Des experts ont trouvé près de six kilogrammes de plastique dans l’estomac d’une baleine morte qui s’est échouée sur les rives de l’est de l’Indonésie.

Des employés du parc national Wakatobi ont repéré la carcasse du grand cachalot de 9,5 mètres lundi soir près du parc, dans la province de Sulawesi, dans le sud-est de l’archipel.

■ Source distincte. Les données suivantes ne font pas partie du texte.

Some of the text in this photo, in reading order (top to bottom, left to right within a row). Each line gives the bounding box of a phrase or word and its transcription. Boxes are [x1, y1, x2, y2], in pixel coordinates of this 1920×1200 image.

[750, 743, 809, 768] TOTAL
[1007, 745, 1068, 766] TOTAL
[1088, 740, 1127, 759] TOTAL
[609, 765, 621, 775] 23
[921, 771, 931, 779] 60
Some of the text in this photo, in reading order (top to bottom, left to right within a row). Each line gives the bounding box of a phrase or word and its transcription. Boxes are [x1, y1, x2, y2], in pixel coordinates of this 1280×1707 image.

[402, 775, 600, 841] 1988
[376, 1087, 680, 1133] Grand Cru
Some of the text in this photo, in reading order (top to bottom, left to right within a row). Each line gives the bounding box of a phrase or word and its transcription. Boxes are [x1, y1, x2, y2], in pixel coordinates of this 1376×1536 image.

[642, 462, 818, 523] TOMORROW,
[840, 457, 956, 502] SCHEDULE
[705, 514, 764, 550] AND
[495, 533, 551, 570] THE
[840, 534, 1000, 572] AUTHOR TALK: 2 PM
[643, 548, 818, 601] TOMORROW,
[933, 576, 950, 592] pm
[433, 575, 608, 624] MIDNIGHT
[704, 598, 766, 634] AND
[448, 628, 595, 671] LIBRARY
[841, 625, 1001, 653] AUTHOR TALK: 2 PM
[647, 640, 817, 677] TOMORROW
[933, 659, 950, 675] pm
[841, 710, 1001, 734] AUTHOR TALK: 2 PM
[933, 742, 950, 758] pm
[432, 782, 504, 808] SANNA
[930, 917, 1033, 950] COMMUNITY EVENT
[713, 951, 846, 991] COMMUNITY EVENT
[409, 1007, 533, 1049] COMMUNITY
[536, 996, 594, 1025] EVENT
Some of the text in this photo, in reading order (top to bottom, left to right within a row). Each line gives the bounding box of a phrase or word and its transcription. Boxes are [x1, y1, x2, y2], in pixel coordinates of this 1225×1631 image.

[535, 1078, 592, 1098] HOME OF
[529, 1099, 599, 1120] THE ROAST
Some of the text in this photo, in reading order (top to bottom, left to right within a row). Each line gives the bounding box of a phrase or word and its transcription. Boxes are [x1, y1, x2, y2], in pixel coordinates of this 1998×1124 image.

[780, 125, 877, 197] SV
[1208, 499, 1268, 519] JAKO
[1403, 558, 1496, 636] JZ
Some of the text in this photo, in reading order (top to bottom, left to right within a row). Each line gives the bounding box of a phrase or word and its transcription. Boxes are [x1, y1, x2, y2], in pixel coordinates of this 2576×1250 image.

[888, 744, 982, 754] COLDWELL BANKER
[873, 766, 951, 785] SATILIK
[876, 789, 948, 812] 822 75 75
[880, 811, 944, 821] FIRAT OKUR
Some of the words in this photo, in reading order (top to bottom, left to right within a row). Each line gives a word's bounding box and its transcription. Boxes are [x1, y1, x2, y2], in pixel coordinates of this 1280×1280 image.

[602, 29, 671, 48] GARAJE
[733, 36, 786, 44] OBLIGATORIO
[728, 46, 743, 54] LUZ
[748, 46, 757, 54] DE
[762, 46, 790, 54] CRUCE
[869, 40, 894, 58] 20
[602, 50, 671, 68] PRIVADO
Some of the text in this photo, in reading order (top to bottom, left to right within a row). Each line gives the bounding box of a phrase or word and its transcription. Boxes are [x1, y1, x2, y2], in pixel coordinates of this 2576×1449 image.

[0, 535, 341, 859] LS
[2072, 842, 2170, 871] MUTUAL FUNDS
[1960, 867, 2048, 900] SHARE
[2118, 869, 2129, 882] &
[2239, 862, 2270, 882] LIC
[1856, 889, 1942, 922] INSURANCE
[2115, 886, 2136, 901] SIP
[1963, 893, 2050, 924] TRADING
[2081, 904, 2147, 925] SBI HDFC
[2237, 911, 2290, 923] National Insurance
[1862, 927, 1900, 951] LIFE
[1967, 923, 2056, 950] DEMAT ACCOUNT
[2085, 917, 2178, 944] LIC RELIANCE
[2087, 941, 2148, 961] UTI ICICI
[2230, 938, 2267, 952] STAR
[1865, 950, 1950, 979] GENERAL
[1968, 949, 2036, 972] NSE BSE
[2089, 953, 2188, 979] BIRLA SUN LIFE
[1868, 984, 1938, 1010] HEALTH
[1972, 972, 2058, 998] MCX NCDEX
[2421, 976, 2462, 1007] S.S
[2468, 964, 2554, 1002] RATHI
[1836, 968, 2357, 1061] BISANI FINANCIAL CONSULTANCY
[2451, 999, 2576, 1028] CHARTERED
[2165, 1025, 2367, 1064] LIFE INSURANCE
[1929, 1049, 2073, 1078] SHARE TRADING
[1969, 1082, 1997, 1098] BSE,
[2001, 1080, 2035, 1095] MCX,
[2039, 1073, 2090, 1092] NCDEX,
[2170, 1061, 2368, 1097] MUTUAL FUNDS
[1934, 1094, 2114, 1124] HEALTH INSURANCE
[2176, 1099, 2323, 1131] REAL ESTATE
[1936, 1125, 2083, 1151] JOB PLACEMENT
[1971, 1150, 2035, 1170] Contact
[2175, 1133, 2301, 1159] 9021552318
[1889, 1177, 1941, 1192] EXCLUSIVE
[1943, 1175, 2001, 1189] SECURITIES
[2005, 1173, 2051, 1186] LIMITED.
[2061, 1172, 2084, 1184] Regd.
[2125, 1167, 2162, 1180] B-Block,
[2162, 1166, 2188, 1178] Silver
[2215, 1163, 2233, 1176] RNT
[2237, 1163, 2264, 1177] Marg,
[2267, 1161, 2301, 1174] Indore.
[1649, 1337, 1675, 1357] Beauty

Des experts du parc et du Fonds mondial pour la nature (WWF) ont trouvé 5,9 kilos de plastique dans son estomac, soit 115 gobelets de plastique, quatre bouteilles de plastique, 25 sacs de plastique, deux sandales, un sac de nylon et plus d’un millier d’autres morceaux de plastique assortis.

Une porte-parole du WWF en Indonésie a dit que la cause exacte du décès n’a pas été déterminée, mais que les « faits sont horribles ».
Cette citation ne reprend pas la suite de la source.